Understanding Smoking Behaviour among Secondary School Students in Amman, Jordan: A Qualitative Study
Shadid HM and Hossain SZ*
Faculty of Health Science, Discipline of Behavioural and Social Sciences in Health, University of Sydney, NSW, Australia
- *Corresponding Author:
- Syeda Z. Hossain, PhD
Faculty of Health Science
University of Sydney, PO BOX 170
East Street, Lidcombe, NSW 1825, Australia
E-mail: [email protected]
Received date: December 19, 2012; Accepted date: February 11, 2013; Published date: February 13, 2013
Citation: Shadid HM, Hossain SZ (2013) Understanding Smoking Behaviour among Secondary School Students in Amman, Jordan: A Qualitative Study. J Community Med Health Educ 3:199. doi: 10.4172/2161-0711.1000199
Copyright: © 2013 Shadid HM, et al. This is an open-access article distributed under the terms of the Creative Commons Attribution License, which permits unrestricted use, distribution, and reproduction in any medium, provided the original author and source are credited.
Background: Tobacco smoking is the most preventable cause of death in many countries. Globally, it accounts for 4.9 million deaths per annum, 70% of which occur in developing countries. With the growing economic development of countries in the ‘East’ and ‘South’, the international tobacco industry has been shifting its marketing towards these areas. Evidence shows that the majority of the smokers start smoking as early as high school level and the number of young smokers is increasing rapidly, which is a concern. In Jordan, smoking has reached alarming proportions, but as yet limited data is available about young Jordanians’ smoking behaviour. This research is an attempt to bridge the gap.
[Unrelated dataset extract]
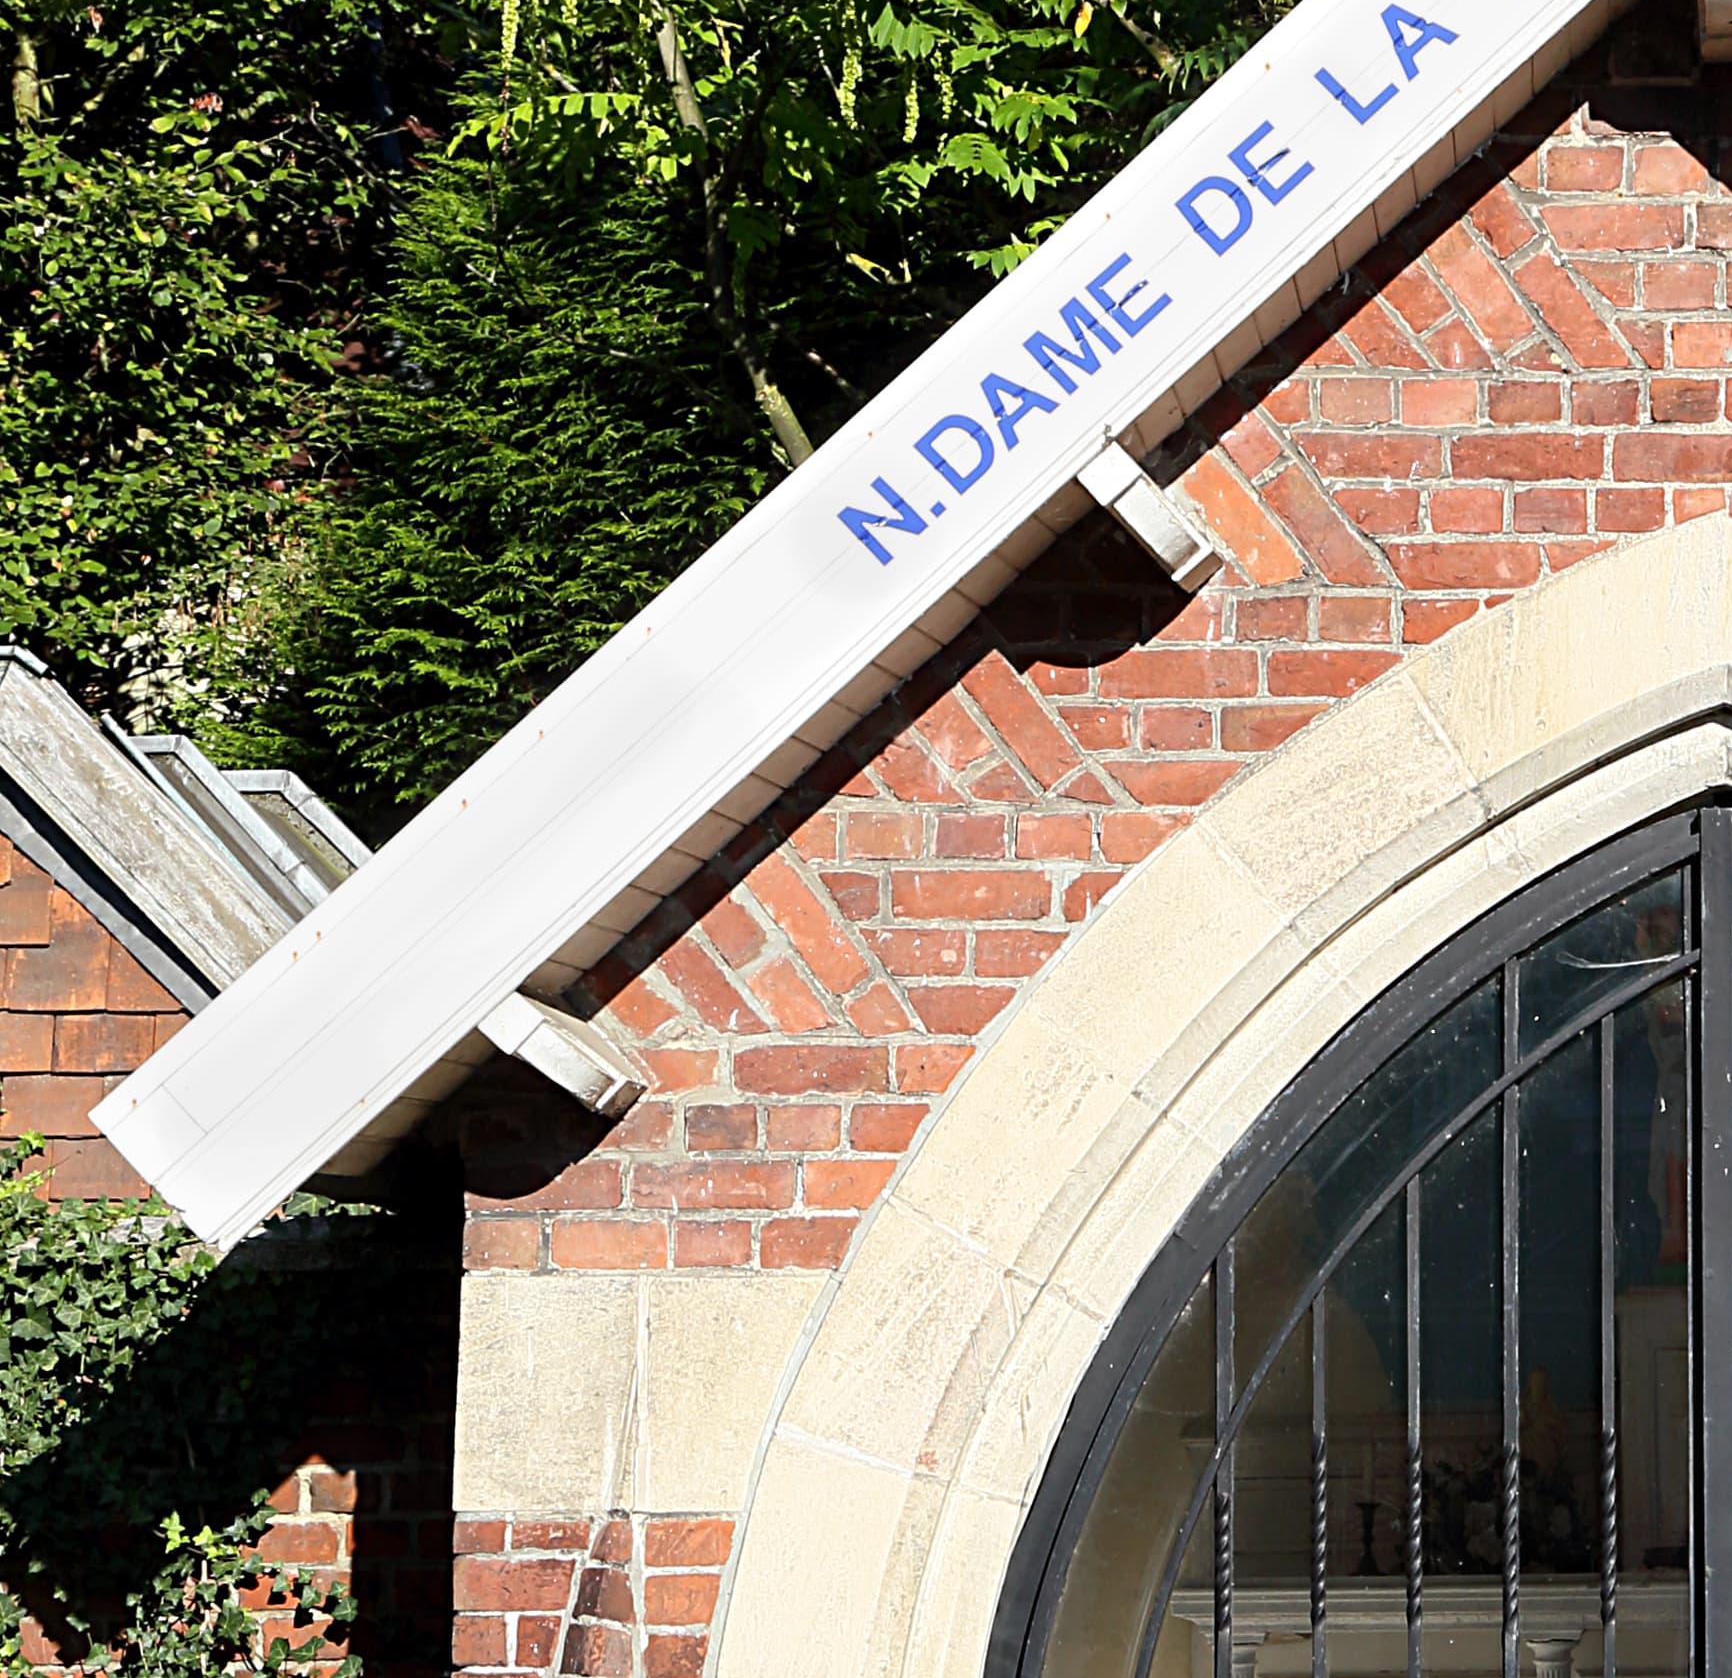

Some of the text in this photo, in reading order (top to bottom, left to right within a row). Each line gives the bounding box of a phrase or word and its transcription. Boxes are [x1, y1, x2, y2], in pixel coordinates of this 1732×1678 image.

[837, 252, 1172, 565] N.DAME
[1175, 120, 1314, 256] DE
[1314, 3, 1458, 124] LA
Methods: A qualitative study was conducted on secondary school students of Amman, the capital of Jordan in 2010. The participants of the study were 16-18 year-old students of public and private schools in eastern and western suburbs of Amman, who were recruited using stratified random sampling. Five focus group discussions (FGDs), two for males and three for females with six participants per group were conducted. The FGDs used open-ended questions to focus discussion on four broad areas: smoking behaviour, reasons and place of smoking, accessibility of tobacco products, and quitting smoking.
Results: The results show that 40% of students were current smokers, and that 66.7% of these were males. The age at which they started the habit was as early as 11 among males and 16 among females. Family environment was found to be positively associated with participants’ smoking behaviour. Hookah smoking was considered socially acceptable in some families, with the perception that it was less harmful than cigarettes. Females tended to smoke alone within contained/secret places, whereas males were more likely to smoke in a group environment on the street or near where they lived.
‘Stress’ was the main reason for participants to start and/or continue smoking, followed by ‘peer pressure’, ‘belonging’ and ‘being cool’. Other factors such as easy accessibility, availability and money issues also played an important part in their smoking. The health risks and consequences of smoking were underestimated by the students, and they expressed no interest in quitting or taking familial advice against smoking seriously. Fear that their fathers might learn of their habit and the possible consequences thereof, i.e., ‘harsh punishment’, was a prime factor for students not to smoke. Despite legislation, students were able to obtain tobacco products easily. The school environment was an important predictor of students’ smoking as teachers smoked within the school vicinity, even in the lass, and the school curriculum did not tackle the issue of tobacco appropriately.
Conclusion: Certain measures taken to control youth smoking have not been effective due to lack of understanding of how young people perceive smoking and hence act. This paper sheds some light on 16-18 years old students’ smoking behaviour, factors that encourage their smoking and areas where attention is needed to prevent youth smoking.